La industria agroalimentaria es capaz de emular -y potenciar- el sabor y aroma de peculiares alimentos fermentados; no ocurre lo mismo con los efectos beneficiosos del original, imposibles de emular cuando los principales ingredientes dependen de monocultivos genéticamente modificados y fertilizantes derivados del petróleo, y la fórmula abusa de azúcar refinada y sal, para estimular nuestro apetito.

En las estanterías de los supermercados estadounidenses ya es posible encontrar sabores de patatas fritas Lay’s que evocan el aroma y sabor -no las propiedades beneficiosas para la salud, ni las cualidades de conservación- de salsas fermentadas como sriracha, el equivalente tailandés a la salsa de chile tabasco, o Ketchup Heinz con aroma de vinagre balsámico.

Otorgar propiedades saludables a productos no saludables

Los ejecutivos de la industria alimentaria están más interesados en reproducir las propiedades olfativas y gustativas, a menudo agridulces e inconfundibles, de alimentos fermentados.

Ellen Byron explica en The Wall Street Journal cómo en IFF (International Flavors & Fragances), por ejemplo, hay especialistas en condimentos que trabajan exclusivamente en el cometido de aprovechar esta tendencia que favorece la fermentación y los probióticos, lo que podría confundir al consumidor menos formado: los alimentos procesados no tendrán menos calorías, ni beneficiarán la digestión aliándose con la flora bacteriana.

Gigantes como International Flavors & Fragrances, con 2.780 millones de dólares en ventas en 2011, intentan mantener el atractivo de productos precocinados, salsas y condimentos, responsables en buena medida del aumento de la ingestión de calorías, grasas saturadas y azúcares refinados (sobre todo, el polémico jarabe de glucosa de maíz) en países como Estados Unidos.

La alternativa a productos procesados cuyo único nexo con la alimentación fermentada tradicional es su aroma artificial producido en un laboratorio, es tanto su elaboración casera como la compra de productos elaborados con procedimientos tradicionales, desde derivados lácteos tradicionales a embutidos sin aditivos, pasando por conservas en vinagreta, col agria, etc.

Reconectándonos con los alimentos fermentados

Incorporar alimentos fermentados en la dieta es sencillo y económico, expone Casey Seidenberg en The Washington Post, se trate de una cucharada de chucrut acompañando a la carne o el pescado, pepinillos en vinagre en la ensalada, etc.

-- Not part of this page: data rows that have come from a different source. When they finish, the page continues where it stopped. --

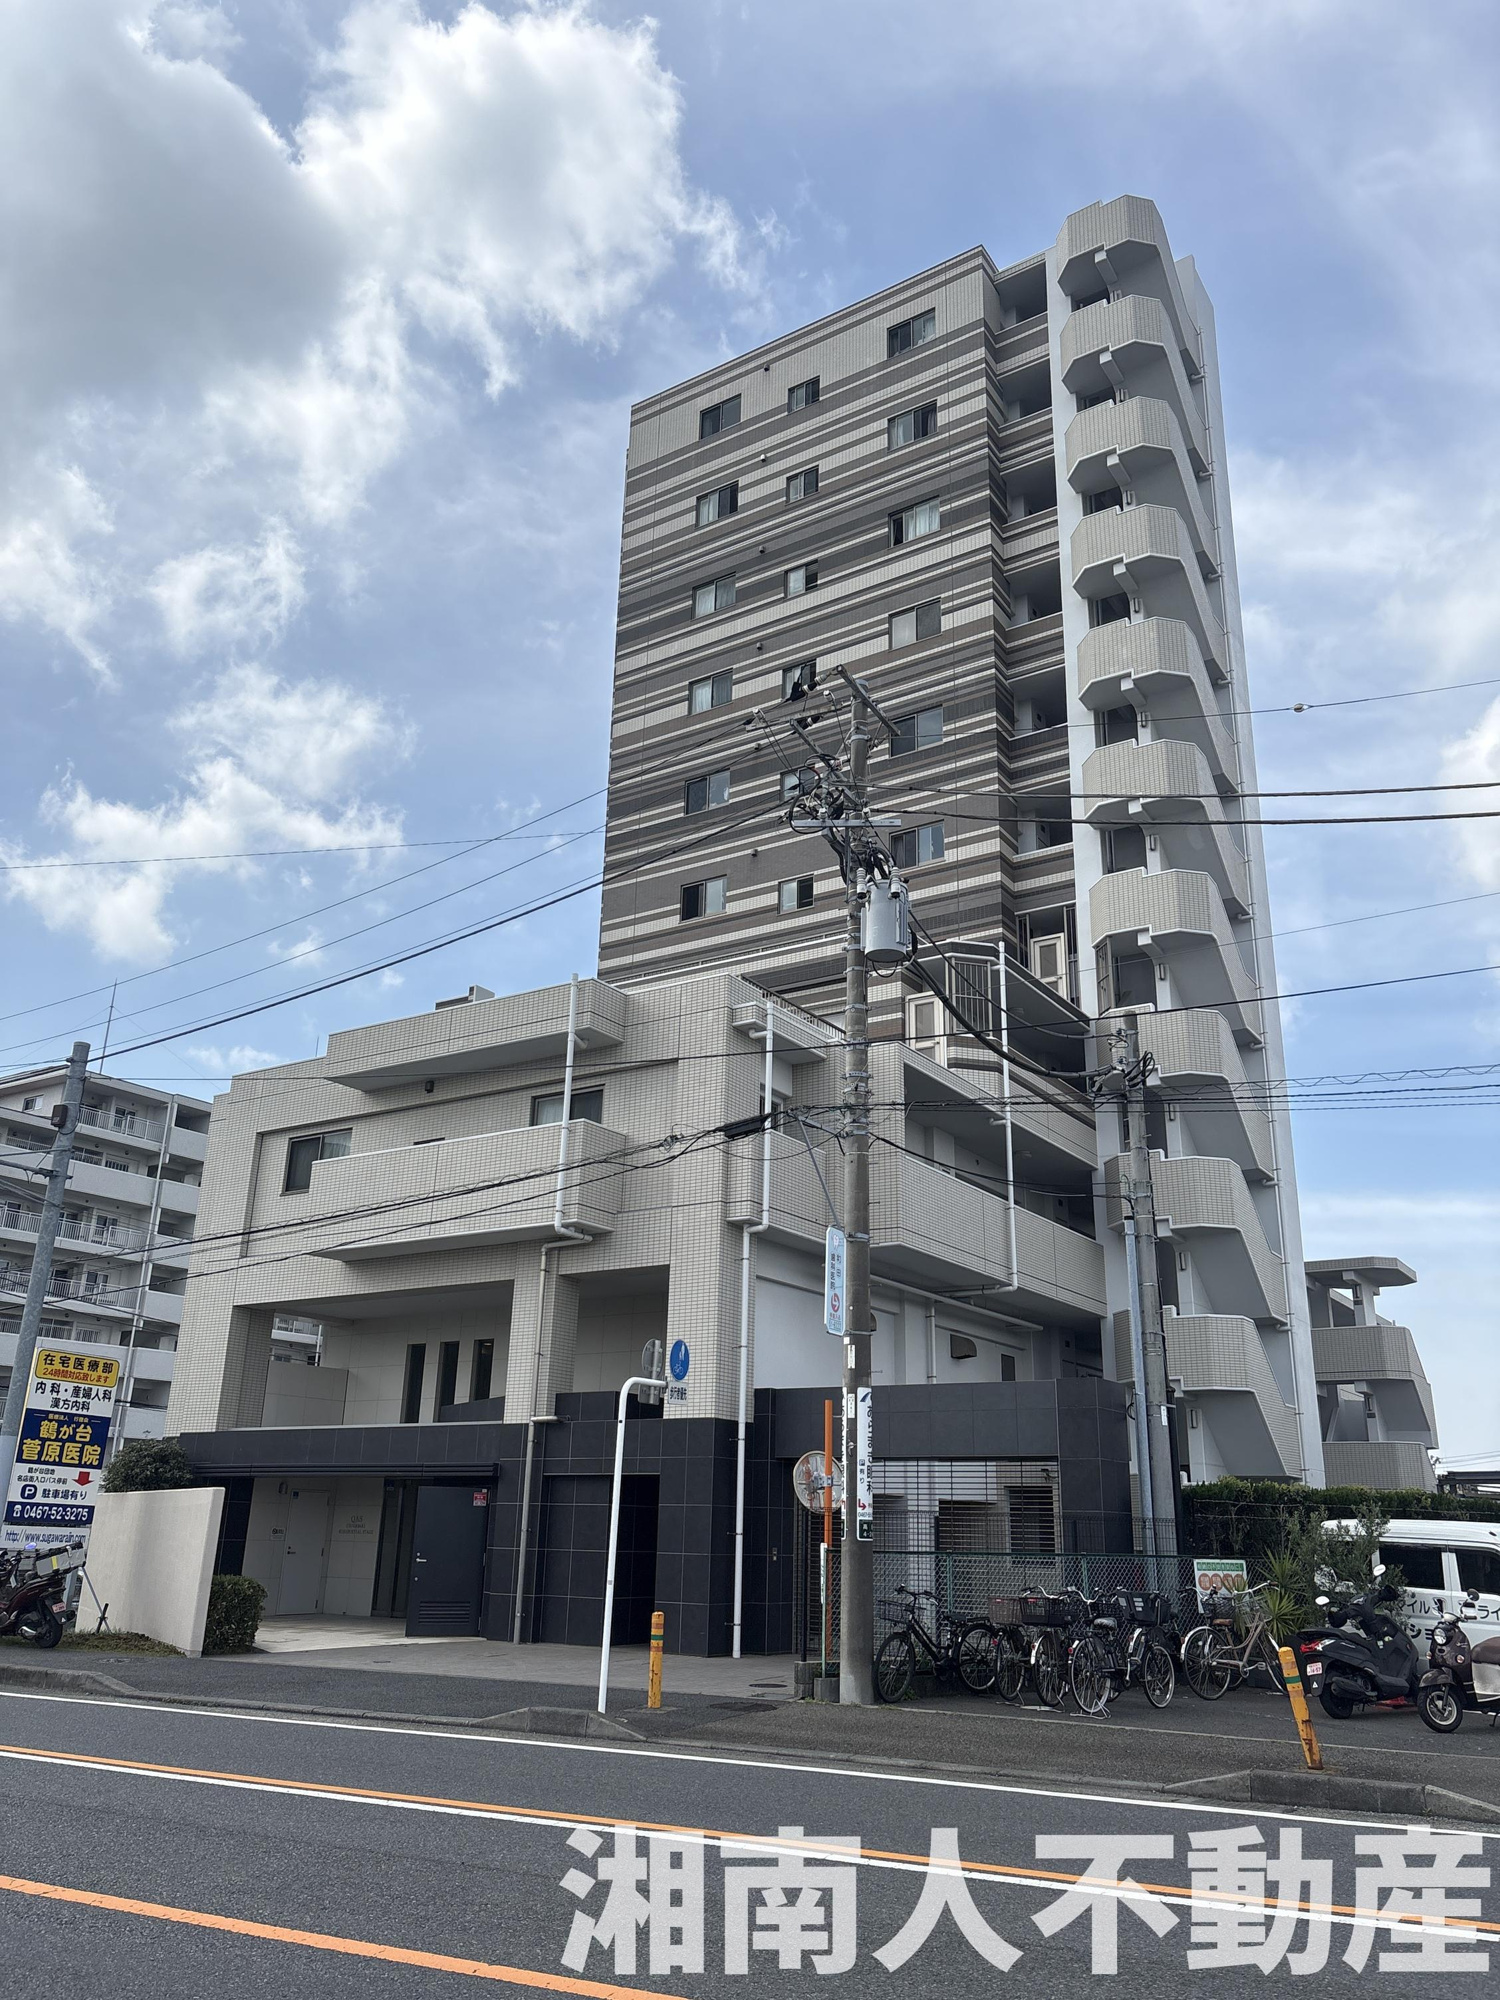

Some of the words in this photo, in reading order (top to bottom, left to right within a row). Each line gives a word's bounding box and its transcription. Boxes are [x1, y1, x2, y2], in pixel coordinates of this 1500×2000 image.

[43, 1353, 114, 1374] 在宅医療部
[42, 1367, 109, 1384] 24時間対応致します
[50, 1396, 91, 1412] 漢方内科
[40, 1420, 92, 1442] 鶴が台
[22, 1438, 101, 1466] 菅原医院
[41, 1488, 87, 1501] 駐車場有り

Como sencilla y económica iniciación en una dieta que incorpore más elementos fermentados que el yogur, la porción de queso o el pan convencionales:

  • Reemplazar pan industrial con una variedad elaborada con masa madre (sea casera o de panadería);
  • Optar por yogur o kéfir, en detrimento de la cantidad de leche;
  • Optar por condimentos fermentados, a poder ser caseros, para evitar el exceso de sal y glucosa de maíz de los condimentos industriales -también aquellos con aroma a alimento probiótico o fermentado-;
  • Investigar la rica variedad de productos fermentados de elaboración tradicional en distintas culturas, además de las variedades globales de vinos, vinagres, aceitunas, yogurt, pan y quesos;
  • Sustituir la ingestión excesiva de carnes rojas (hiperproteinización), con otras fuentes de proteína, como el jamón.

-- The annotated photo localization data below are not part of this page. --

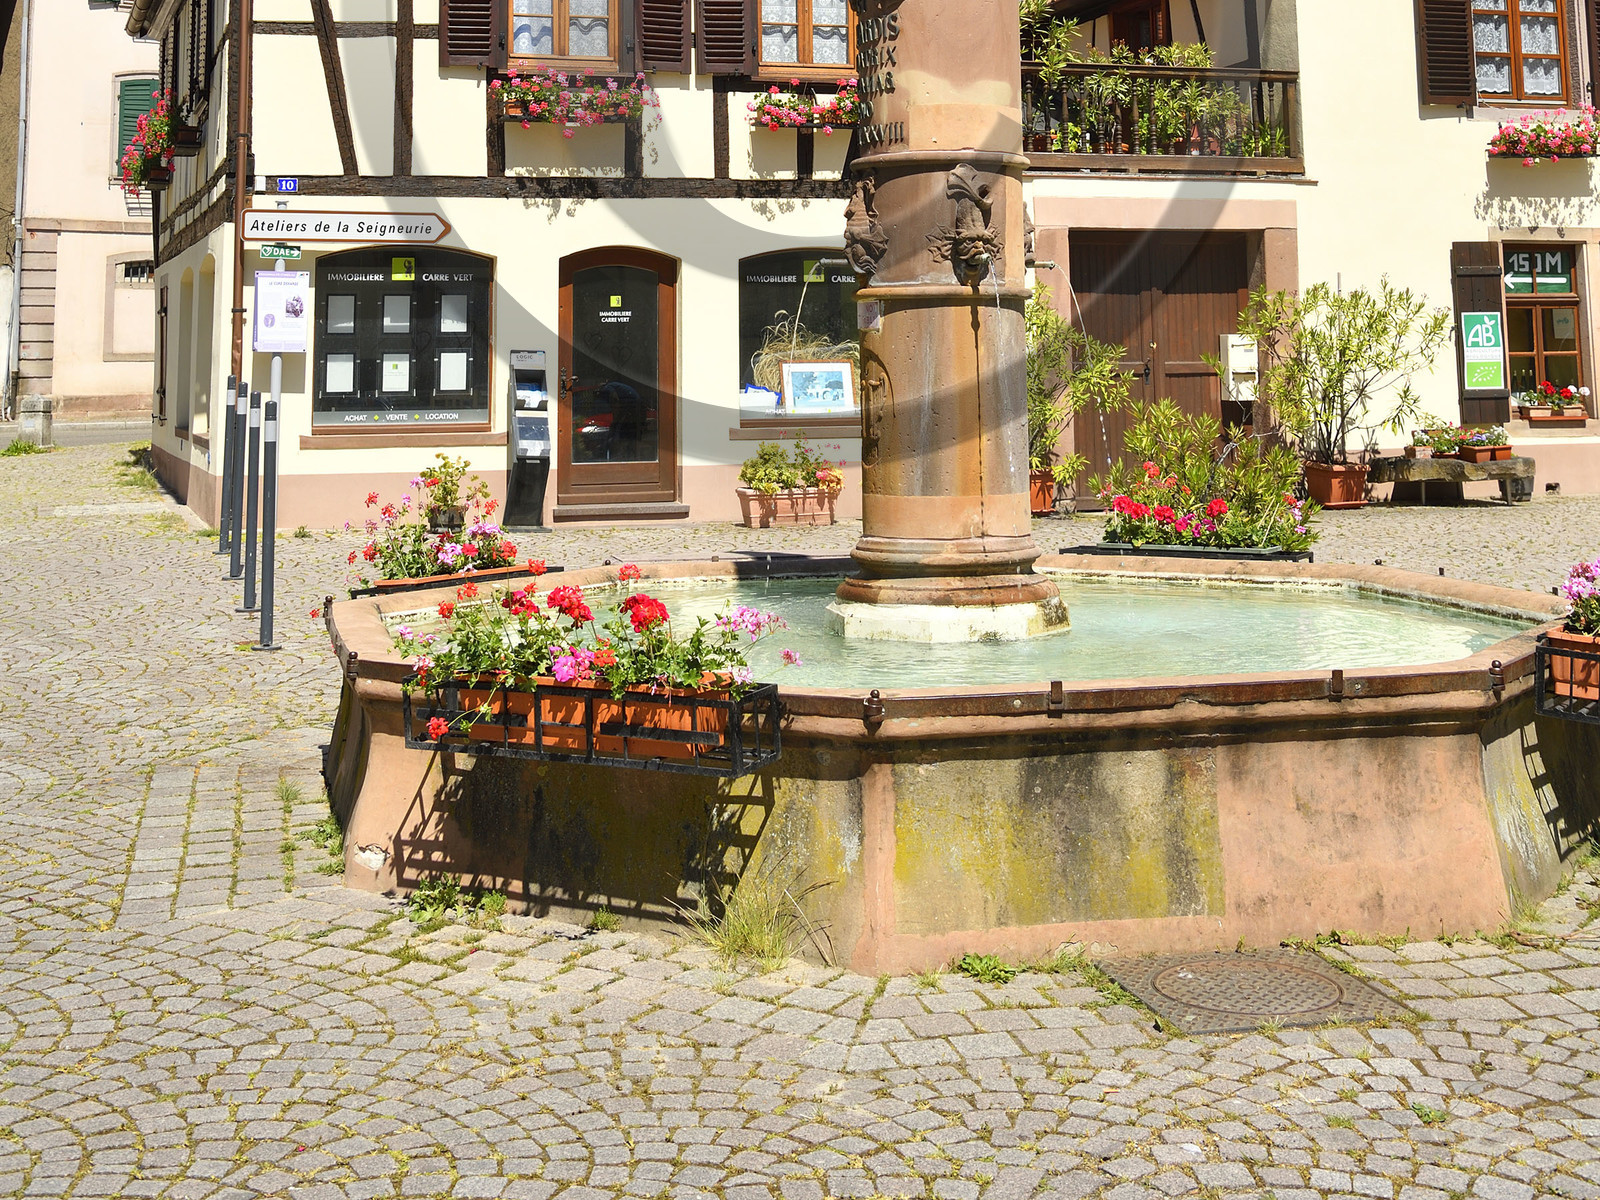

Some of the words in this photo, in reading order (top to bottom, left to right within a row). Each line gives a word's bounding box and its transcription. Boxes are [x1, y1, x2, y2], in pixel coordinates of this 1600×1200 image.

[281, 180, 294, 190] 10
[250, 219, 307, 232] Ateliers
[314, 221, 330, 233] de
[337, 221, 350, 233] la
[356, 221, 432, 236] Seigneurie
[273, 248, 290, 256] DAE
[327, 273, 385, 281] IMMOBILIERE
[422, 273, 450, 281] CARRE
[453, 273, 474, 281] VERT
[746, 275, 797, 283] IMMOBILIERE
[831, 275, 856, 283] CARRE
[1467, 324, 1496, 347] AB

Celebrar la fermentación desde nuestra mesa

Refiriéndose al ensayo de Sandor Katz, The Art of Fermentation, Michael Pollan ha declarado que “un acto tan cotidiano como hacer tu propia ‘sauerkraut’ representa nada menos que un modo de conectarse al mundo. O mejor, con varios mundos distintos, cada uno anidando dentro del siguiente: el mundo invisible de hongos y bacterias; la comunidad en la que uno vive; y el sistema alimentario industrial que está quebrantando la salud de nuestro organismo y la de la tierra”.

“Fermentar tu propia comida -prosigue Pollan- supone presentar una elocuente protesta-de-los-sentidos-contra la homogeneización de los sabores y experiencias culinarias que ahora se extiende a través del globo como una enorme e indiferenciada parcela de césped”.

“Es también una declaración de independencia con respecto a una economía que preferiría mucho más que fuéramos consumidores pasivos de su mercancía, en lugar de creadores de productos únicos como expresiones de nosotros mismos y de los lugares donde vivimos”.